Meskipun Real Madrid mendominasi penguasaan bola di awal babak pertama, justru Marseille yang berhasil mencuri keunggulan. Pada menit ke-22, publik tuan rumah dibuat terdiam oleh gol cerdik dari Timothy Weah. Gol ini bermula dari kesalahan fatal yang dilakukan oleh gelandang muda Real Madrid, Arda Guler, yang gagal mengontrol bola dengan sempurna. Kelengahan ini langsung dimanfaatkan oleh Mason Greenwood yang berhasil merebut bola, menggiringnya ke dalam kotak penalti, dan melepaskan umpan terobosan akurat kepada Weah. Tanpa ragu, Weah melepaskan tendangan satu sentuhan yang keras dan terarah, tak mampu diantisipasi oleh kiper veteran, Thibaut Courtois.
Namun, keunggulan tim tamu tidak bertahan lama. Drama penalti pertama segera terjadi pada menit ke-28. Berawal dari penetrasi cepat Rodrygo di sisi kanan serangan, pergerakannya dihentikan secara ilegal oleh gelandang bertahan Marseille, Geoffrey Kondogbia, di dalam kotak penalti. Kondogbia yang mencoba melakukan tekel bersih malah mengenai kaki Rodrygo, dan wasit tanpa ragu menunjuk titik putih. Semua mata tertuju pada Kylian Mbappe. Bintang Prancis itu mengambil langkahnya, melepaskan tembakan datar yang sangat tenang ke arah pojok kiri bawah gawang, mengecoh kiper Geronimo Rulli. Skor kembali imbang 1-1, dan tensi pertandingan semakin meningkat.

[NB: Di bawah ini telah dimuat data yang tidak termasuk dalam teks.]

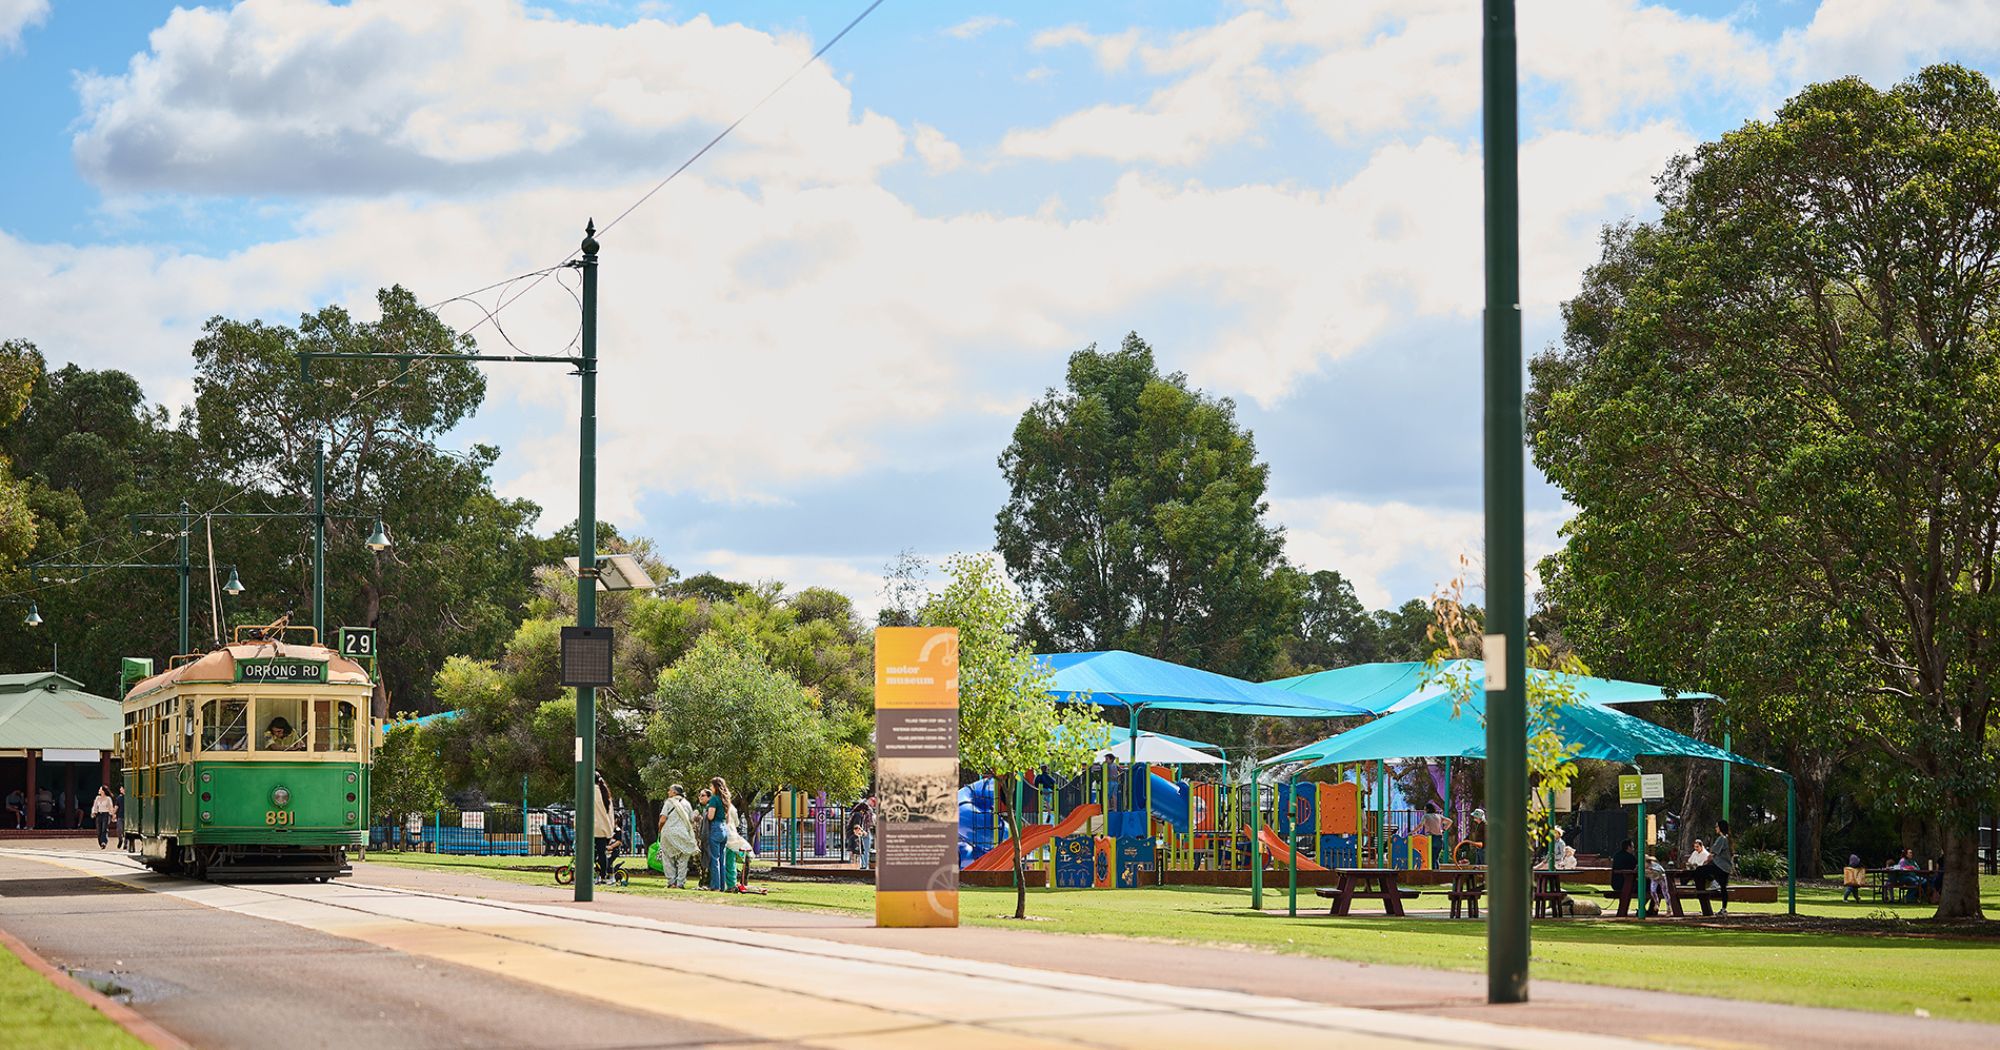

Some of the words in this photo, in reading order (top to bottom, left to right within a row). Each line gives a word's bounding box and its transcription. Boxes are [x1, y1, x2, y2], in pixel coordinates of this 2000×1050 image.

[346, 634, 371, 654] 29
[245, 665, 297, 677] ORRONG
[303, 665, 319, 677] RD
[886, 665, 920, 674] motor
[886, 677, 934, 685] museum
[1623, 783, 1637, 791] PP
[265, 810, 295, 825] 891
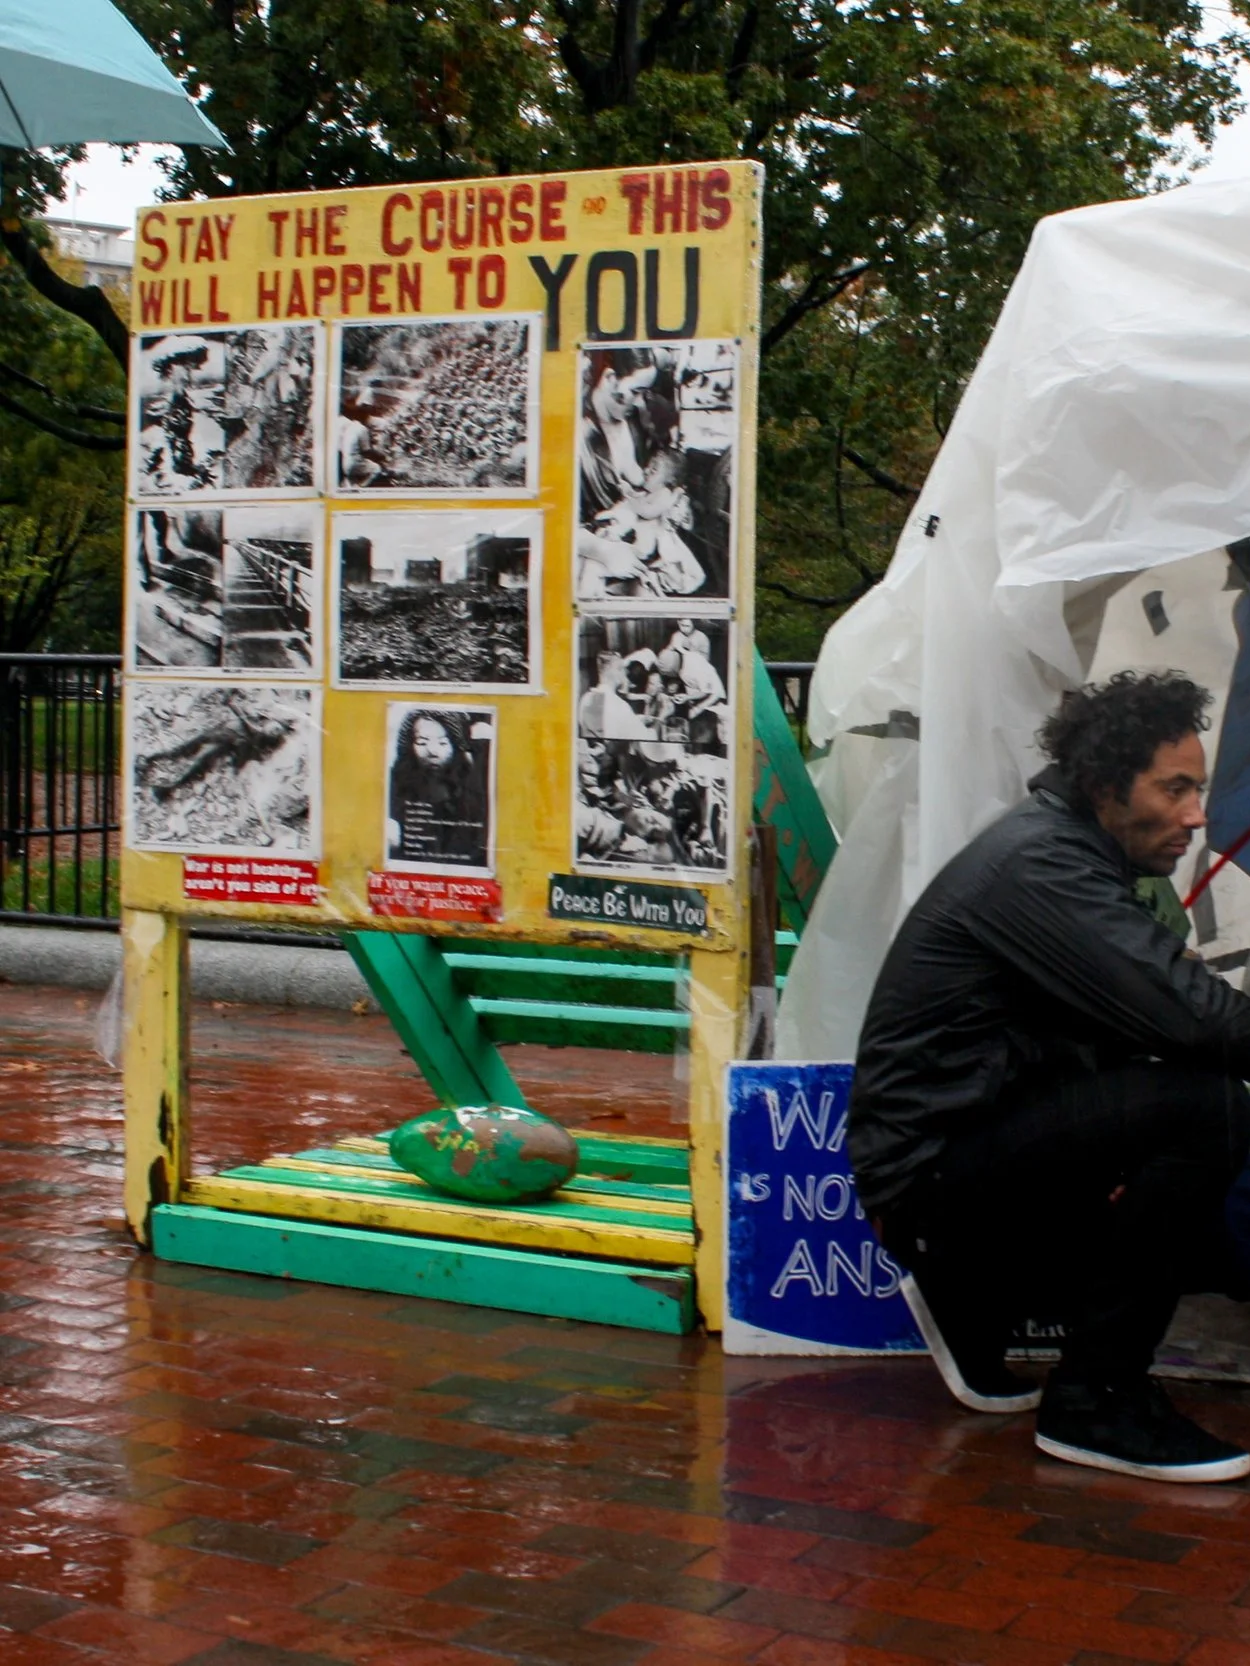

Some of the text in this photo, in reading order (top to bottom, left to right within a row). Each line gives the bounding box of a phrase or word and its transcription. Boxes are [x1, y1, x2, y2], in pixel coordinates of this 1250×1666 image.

[141, 210, 236, 272] STAY
[268, 204, 348, 258] THE
[381, 181, 566, 257] COURSE
[620, 168, 731, 235] THIS
[139, 247, 699, 351] WILL HAPPEN TO YOU
[212, 862, 224, 873] is
[227, 880, 250, 893] you
[253, 880, 280, 894] sick
[282, 882, 297, 894] of
[412, 880, 445, 893] want
[742, 1174, 770, 1200] IS

Babak kedua dibuka dengan intensitas yang sedikit berbeda. Real Madrid bermain lebih hati-hati, sementara Marseille mencoba memanfaatkan setiap kesempatan serangan balik. Namun, sorotan utama beralih pada insiden di luar skema permainan. Pada menit ke-65, wasit menghentikan pertandingan setelah mendapatkan sinyal dari ruang VAR. Setelah meninjau rekaman ulang, terlihat Dani Carvajal melakukan tindakan tidak sportif dengan membenturkan kepalanya ke kiper Marseille, Geronimo Rulli. Wasit langsung memberikan sanksi kartu merah, meninggalkan Real Madrid berjuang dengan 10 pemain.

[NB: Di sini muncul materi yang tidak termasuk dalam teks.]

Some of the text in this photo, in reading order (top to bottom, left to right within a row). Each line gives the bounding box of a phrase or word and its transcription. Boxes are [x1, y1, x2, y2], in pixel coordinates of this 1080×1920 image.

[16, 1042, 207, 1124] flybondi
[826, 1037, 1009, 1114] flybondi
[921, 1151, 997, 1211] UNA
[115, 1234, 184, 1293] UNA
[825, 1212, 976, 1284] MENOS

Meskipun kekurangan satu pemain, semangat juang Los Blancos tidak padam. Mereka terus berusaha menekan pertahanan Marseille, yang mulai terlihat kelelahan. Pada menit ke-81, drama penalti kembali menjadi penentu. Bola yang digiring oleh Vinicius Junior mengenai tangan bek Marseille Facundo Medina pada saat melakukan sleding tekel di dalam kotak penalti. Protes dari para pemain Marseille tidak mengubah keputusan wasit. Kylian Mbappe kembali mengambil tanggung jawab besar sebagai eksekutor. Dengan tekanan luar biasa di pundaknya, Mbappe sekali lagi berhasil menaklukkan Rulli, mencetak gol keduanya, dan membawa Real Madrid unggul 2-1. Gol ini menjadi puncak dari drama penalti yang mendominasi jalannya pertandingan.

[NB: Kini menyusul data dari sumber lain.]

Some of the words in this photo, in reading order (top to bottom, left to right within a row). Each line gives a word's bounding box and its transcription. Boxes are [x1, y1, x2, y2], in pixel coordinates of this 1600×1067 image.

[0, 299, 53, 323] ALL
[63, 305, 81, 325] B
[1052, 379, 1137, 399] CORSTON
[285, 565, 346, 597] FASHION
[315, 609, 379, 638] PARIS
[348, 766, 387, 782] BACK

Setelah peluit panjang berbunyi, pelatih Real Madrid, Xabi Alonso, mengungkapkan kelegaannya. “Kami berhasil meraih kemenangan penuh, meskipun Marseille tampil baik dan sebetulnya punya beberapa peluang untuk memimpin. Kami berhasil merebut bola di area pertahanan mereka dan melakukan serangan cepat, namun secara keseluruhan ini adalah laga yang sangat menarik,” ujarnya dalam konferensi pers. Ia juga menambahkan, “Di paruh kedua, tempo permainan agak melambat, dan setelah kartu merah dikeluarkan, jalannya pertandingan pun berubah. Kami sangat bangga dengan mentalitas para pemain yang tidak menyerah.”